The core of DNA polymerase III, the replicative polymerase in Escherichia coli, consists of three subunits (alpha, epsilon, and theta). The epsilon subunit is the 3'-5' proofreading exonuclease that associates with the polymerase (alpha) through its C-terminal region and theta through a 185-residue N-terminal domain (epsilon 186). A spectrophotometric assay for measurement of epsilon activity is described. Proteins epsilon and epsilon 186 and the epsilon 186.theta complex catalyzed the hydrolysis of the 5'-p-nitrophenyl ester of TMP (pNP-TMP) with similar values of k(cat) and K(M), confirming that the N-terminal domain of epsilon bears the exonuclease active site, and showing that association with theta has little direct effect on the chemistry occurring at the active site of epsilon.
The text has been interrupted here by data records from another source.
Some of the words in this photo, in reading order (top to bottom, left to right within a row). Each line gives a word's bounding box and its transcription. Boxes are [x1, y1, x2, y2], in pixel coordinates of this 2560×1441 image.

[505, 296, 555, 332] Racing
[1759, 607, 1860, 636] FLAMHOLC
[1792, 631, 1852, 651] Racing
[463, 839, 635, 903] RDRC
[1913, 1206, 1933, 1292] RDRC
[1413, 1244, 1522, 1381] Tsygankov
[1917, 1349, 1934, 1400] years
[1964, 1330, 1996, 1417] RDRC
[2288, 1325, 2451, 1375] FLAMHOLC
On the other hand, formation of the complex with theta stabilized epsilon 186 by approximately 14 degrees C against thermal inactivation. For epsilon 186, k(cat) = 293 min(-)(1) and K(M) = 1.08 mM at pH 8.00 and 25 degrees C, with a Mn(2+) concentration of 1 mM. Hydrolysis of pNP-TMP by epsilon 186 depended absolutely on divalent metal ions, and was inhibited by the product TMP. Dependencies on Mn(2+) and Mg(2+) concentrations were examined, giving a K(Mn) of 0.31 mM and a k(cat) of 334 min(-1) for Mn(2+) and a K(Mg) of 6.9 mM and a k(cat) of 19.9 min(-1) for Mg(2+). Inhibition by TMP was formally competitive [K(i) = 4.3 microM (with a Mn(2+) concentration of 1 mM)]. The pH dependence of pNP-TMP hydrolysis by epsilon 186, in the pH range of 6.5-9.0, was found to be simple. K(M) was essentially invariant between pH 6.5 and 8.5, while k(cat) depended on titration of a single group with a pK(a) of 7.7, approaching limiting values of 50 min(-1) at pH <6.5 and 400 min(-1) at pH >9.0. These data are used in conjunction with crystal structures of the complex of epsilon 186 with TMP and two Mn(II) ions bound at the active site to develop insights into the mechanisms of pNP-TMP hydrolysis by epsilon at high and low pH values.